The Acentos Review - Youth

 

Desert Crossing


Torn photos flitter in the desert night

Dangle from Acacias mourning

Sun kissed bones like candles

Under a giant sky’s brilliant stars

Empty water bottles shine

Upon half buried sneakers

“Viva Chivas” torn tshirt waves

on a skeletal branch finger-like

pointing to a wallet’s album strewn

Beneath Santa Muerte’s arms uplifted

Gazes on the graves of Mexico’s dregs

As the Virgin of Zapopan comforts

A dying mother without water

Dehydrated half-crazed prays among

Cactus rising high like spires to heaven

A coyote cries to the moon

A wild frontier anti-priest blessing

The horrific unjust scene



Del Tierra


Wrinkled hands gliding atop small beans

Las noticias blare on a blinking screen

next to an altar Maria glows with sun rays

on her face

As a rooster crows in the moist fields

Nana sorts pintos

With hands painted like raw frijoles

Darker brown with beige spots

One by one with love

Cleaning beans

Sorting dirt balls

At sunlight


As weathered hands divide dirt from food

Tata arises to the early morning fragrance

of dew on oleander

that line Fresno’s southern border

sinewed body with hands like leather

bleeding cracks reopen daily

as earth, pesticides, sun and sweat

vie for brutality on his aged flesh

nails thick as tortoise shells

yellowed from decades in the mud

come home packed with dirt

at sunset


As Tata’s old Chevy truck rumbles

Enters the unpaved driveway sending dust

Into the air like an explosion

His tires and fenders frosted with earth 

like a giant chocolate birthday cake 

Tio Bobby’s construction boots

Sit on the back porch

Covered in plastered tumors like cancer

Cement and dirt bake


As Tio Bobby scrapes plaster and dirt from his body

Tata chisels stubborn earth beneath his nails

Nana begins to scrub the day’s soil

From workmen’s clothes

Tia Annie rolling tortillas in la cocina

Next to a pot of simmering chile verde

Tells her own story of tierra

of living as a little girl

In Camulu, Mexico

In the 1960’s

Of her home, a small shack

No windows, no doors,

No screens, no plumbing

But coyotes and dirt floors




I didn’t know I was so Mexicano

I didn’t know I was so Mexicano
I didn’t know I was so Mexicano
Until walking the stone cold courts of Stanford
Brahman Lilly white faces that glare
Behind political pretensions
Aquamarine eyes burning holes into my skin
Like a child pressing harder and harder
On a light brown crayon building wax
Until beige becomes walnut
Over and over outside the lines
“See what I made Daddy, a Mexican”
Walnut becomes a dark burnt mahogany
I’m Latino
Look at me
There’s a sign outside my door
“Don’t feed the greasy Chicano…but if you do,

3 lengua tacos
1 chimichanga and a Corona vato”

I didn’t know I was so Mexicano
Until I cut my finger on a page
of William Prescott’s Conquest of Mexico

Roasted pepper blood splattered cloistered walls
Tagging “Somos Mexicanos”

like in the barrio
Mama’s salsa gushing as I strolled
Cool like a Stacey Adams wearing pachuco
Down corridors muffled snickers crept past
An alumn who took out a razor blade and sliced
Her snowy white pretentious ass
Bleeding blue rivers that mocked and swallowed

My earthy crimson blood reeking of cilantro

I didn’t know I was so Mexicano
Until I realized strolling Romanesque paths
As a morning’s chill wind blew across campus
Past Ivy league senator’s sons cheeks flushed
The only men that looked like me
Pablo Hernando Garcia with mustache trimming the tree
“Buenos Dias” we exchange



Patrick Fontes

BIO

Currently a PhD candidate in history at Stanford University, Patrick Fontes researches border issues, Mexican religion, the Virgin Mary from Medieval Spain to the Present, immigration into the Southwest, and the criminalization of Chicano culture.

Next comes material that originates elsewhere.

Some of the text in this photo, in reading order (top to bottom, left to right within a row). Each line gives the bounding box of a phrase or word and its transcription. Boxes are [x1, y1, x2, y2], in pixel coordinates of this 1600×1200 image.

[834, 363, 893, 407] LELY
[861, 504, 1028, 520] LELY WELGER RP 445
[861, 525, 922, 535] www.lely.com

He grew up in Fresno, in a working class Chicano home. His father was a construction worker, his mom, a waitress. His father grew up in makeshift tent communities, picking crops up and down California in the 1950s and 1960s.

During the Mexican revolution his great grandfather, Jesus Luna, crossed the border from Chihuahua into El Paso, then on to Fresno. In 1920 Jesus built a Mexican style adobe house on the outskirts of the city, it is still his family’s home and the center of his Mexican identity today. Nine decades of memories adorn the plastered walls inside. In one corner, a photo of Bobby Kennedy hangs next to an image of La Virgen de Zapopan; in another, an imposing altar to Guadalupe.

The smells, voices, sounds, hopes and ghosts of su familia who have gone before him saturate his poems.